• Provided material
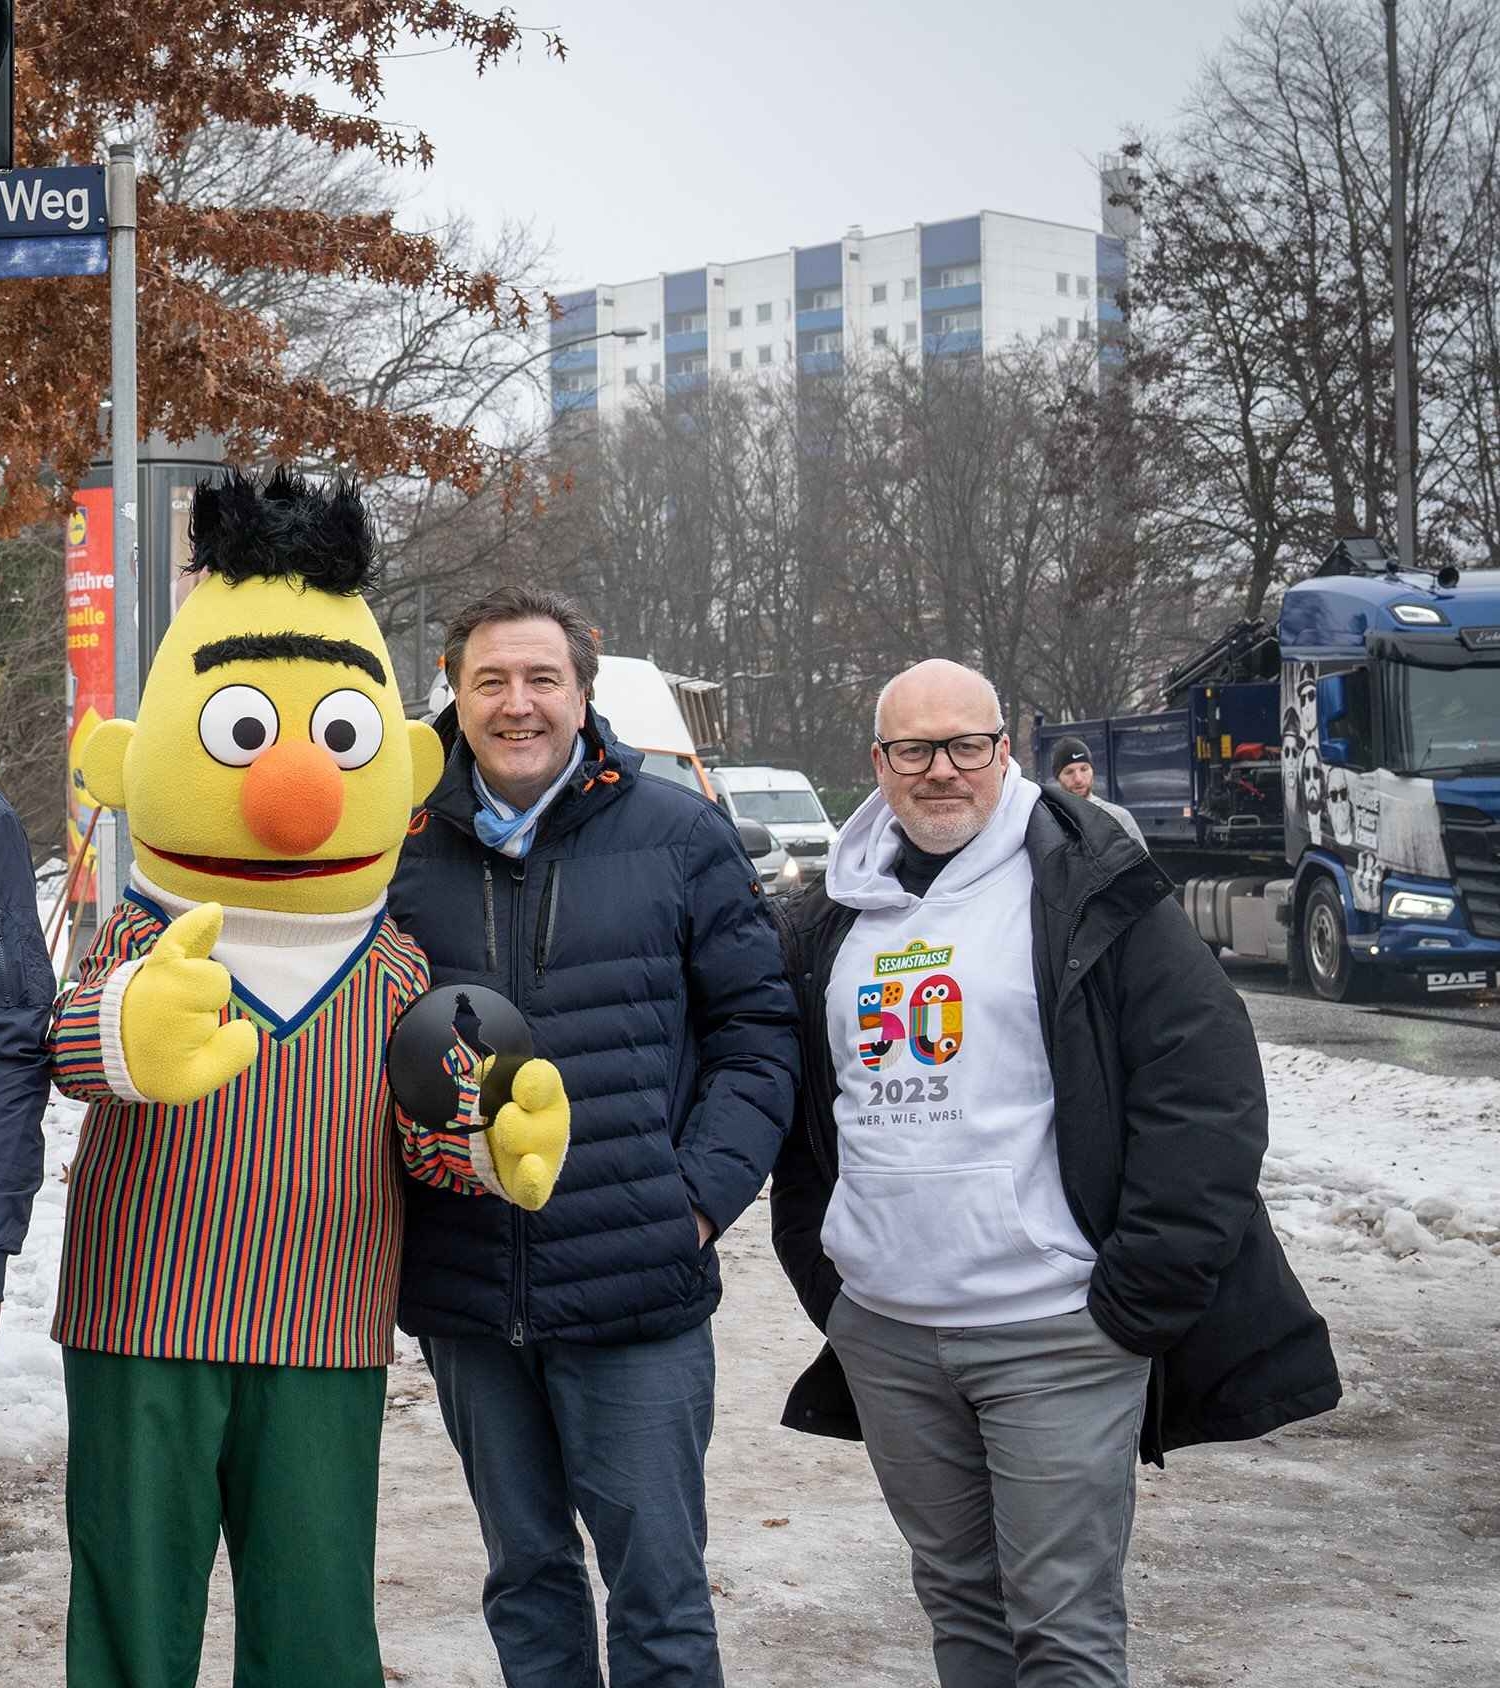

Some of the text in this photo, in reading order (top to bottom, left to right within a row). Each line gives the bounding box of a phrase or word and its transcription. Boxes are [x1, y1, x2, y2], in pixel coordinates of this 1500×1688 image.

[878, 950, 949, 972] SESAMSTRASSE
[1427, 971, 1487, 986] DAF
[857, 974, 963, 1071] 50
[868, 1075, 948, 1106] 2023
[858, 1108, 962, 1126] WER, WIE, WAS!
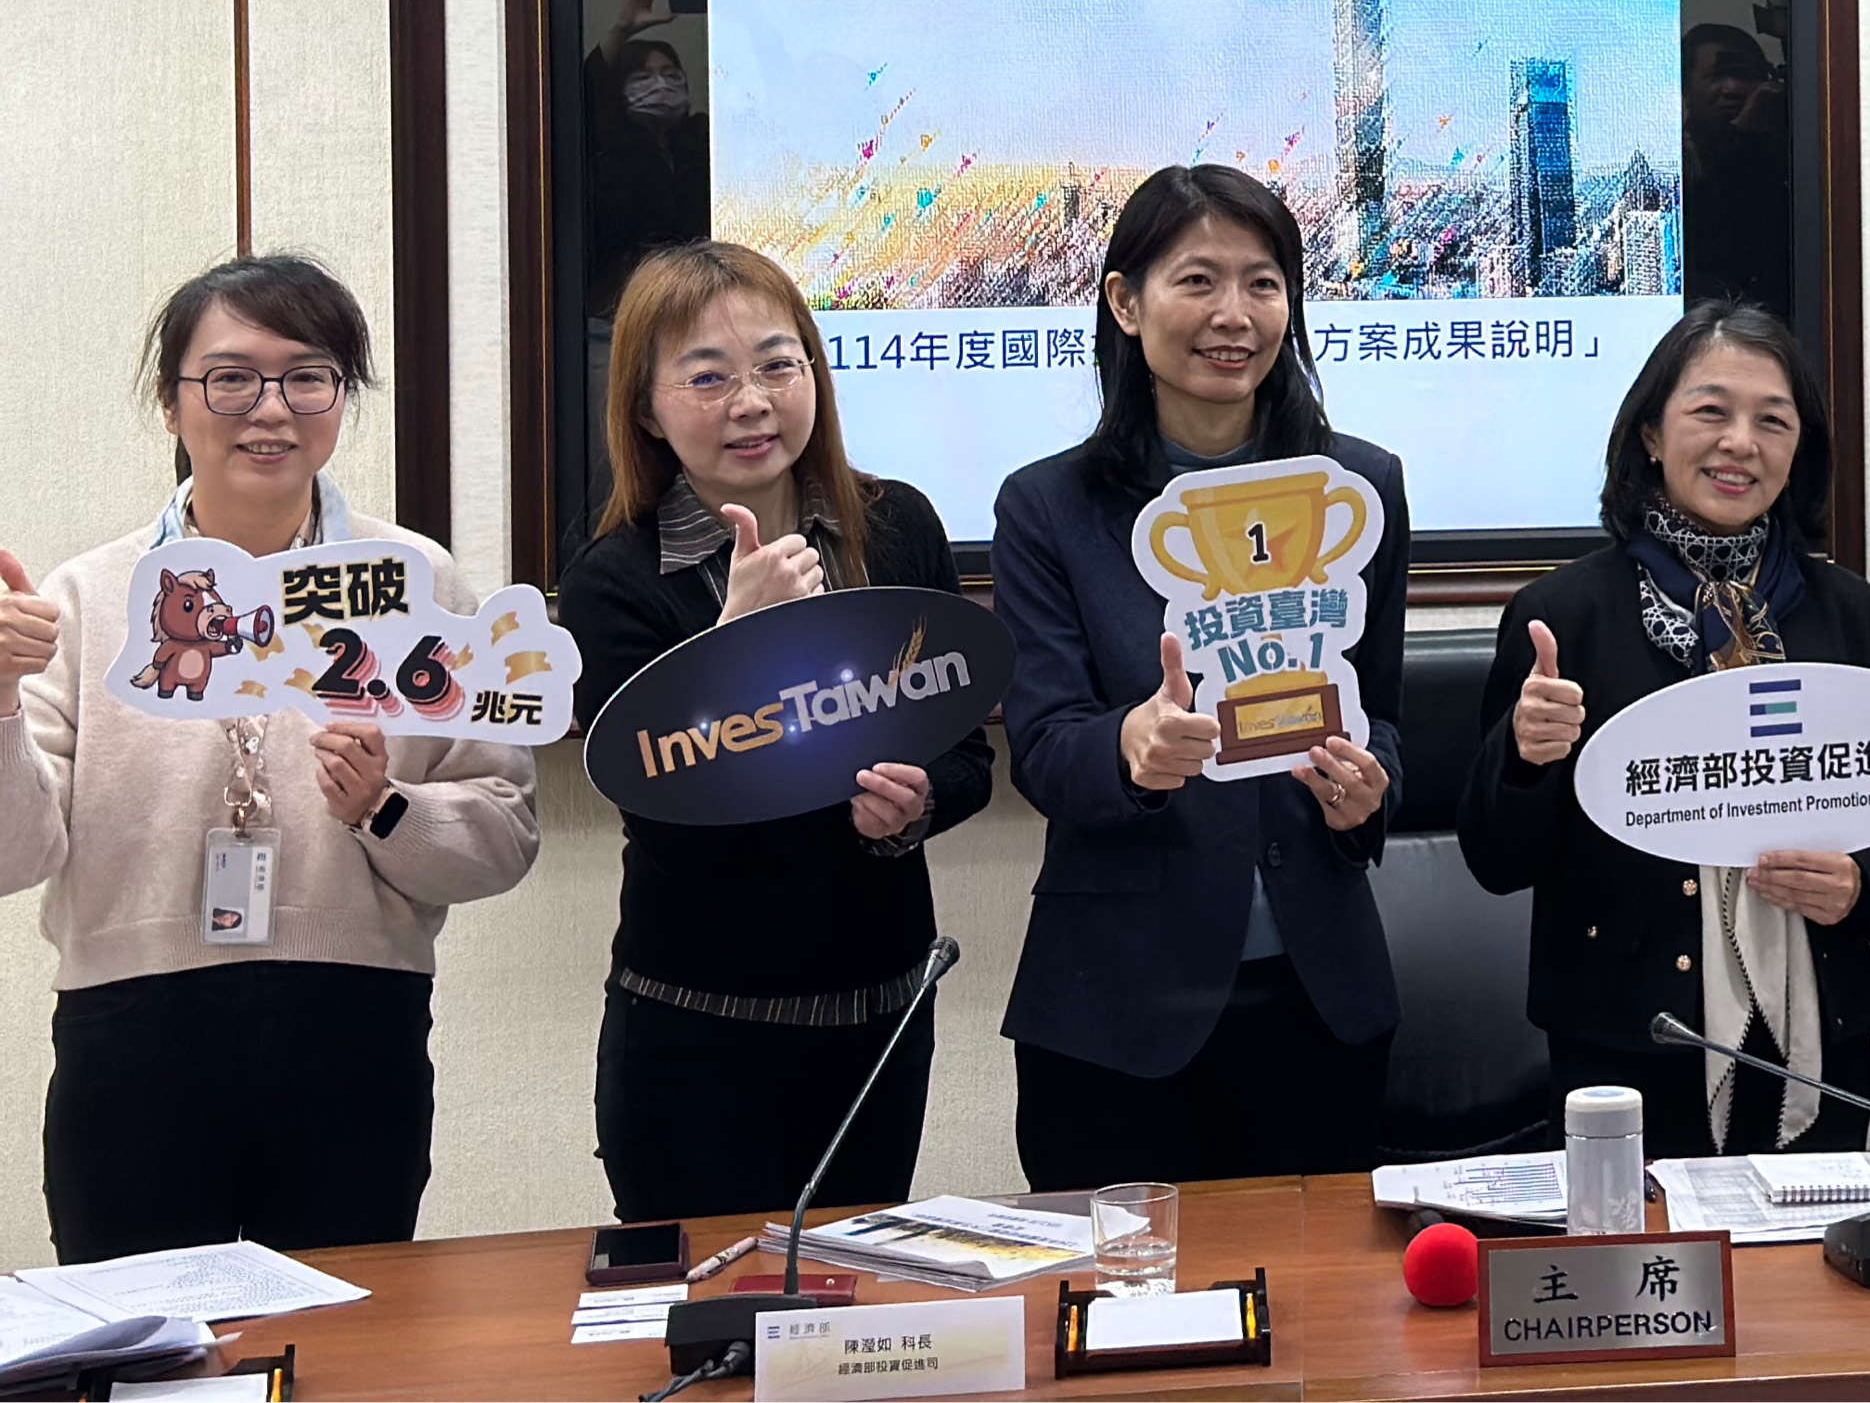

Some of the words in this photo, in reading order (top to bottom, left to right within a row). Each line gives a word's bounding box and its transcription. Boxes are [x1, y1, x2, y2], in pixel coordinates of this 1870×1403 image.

[828, 329, 1098, 370] 114年度國際
[1313, 320, 1600, 362] 方案成果說明」
[1247, 523, 1270, 562] 1
[282, 557, 411, 626] 突破
[1183, 588, 1348, 651] 投資臺灣
[311, 627, 460, 713] 2.6
[470, 690, 543, 726] 兆元
[636, 643, 972, 779] InvesTaiwan
[1625, 806, 1706, 829] Department
[1708, 802, 1724, 819] of
[1726, 797, 1803, 817] Investment
[789, 1322, 831, 1336] 經濟部
[901, 1333, 933, 1351] 科長
[1503, 1310, 1713, 1342] CHAIRPERSON
[838, 1356, 939, 1376] 經濟部投資促進司

• Activity
The expected answer is an unaltered copy of the listing, images removed.

• Response to this task
Some of the text in this photo, in reading order (top to bottom, left to right within a row). Each line gives the bounding box of a phrase or word and its transcription. Boxes are [x1, y1, x2, y2], in pixel coordinates of this 1500×1688 image.

[878, 950, 949, 972] SESAMSTRASSE
[1427, 971, 1487, 986] DAF
[857, 974, 963, 1071] 50
[868, 1075, 948, 1106] 2023
[858, 1108, 962, 1126] WER, WIE, WAS!

Some of the words in this photo, in reading order (top to bottom, left to right within a row). Each line gives a word's bounding box and its transcription. Boxes are [x1, y1, x2, y2], in pixel coordinates of this 1870×1403 image.

[828, 329, 1098, 370] 114年度國際
[1313, 320, 1600, 362] 方案成果說明」
[1247, 523, 1270, 562] 1
[282, 557, 411, 626] 突破
[1183, 588, 1348, 651] 投資臺灣
[311, 627, 460, 713] 2.6
[470, 690, 543, 726] 兆元
[636, 643, 972, 779] InvesTaiwan
[1625, 806, 1706, 829] Department
[1708, 802, 1724, 819] of
[1726, 797, 1803, 817] Investment
[789, 1322, 831, 1336] 經濟部
[901, 1333, 933, 1351] 科長
[1503, 1310, 1713, 1342] CHAIRPERSON
[838, 1356, 939, 1376] 經濟部投資促進司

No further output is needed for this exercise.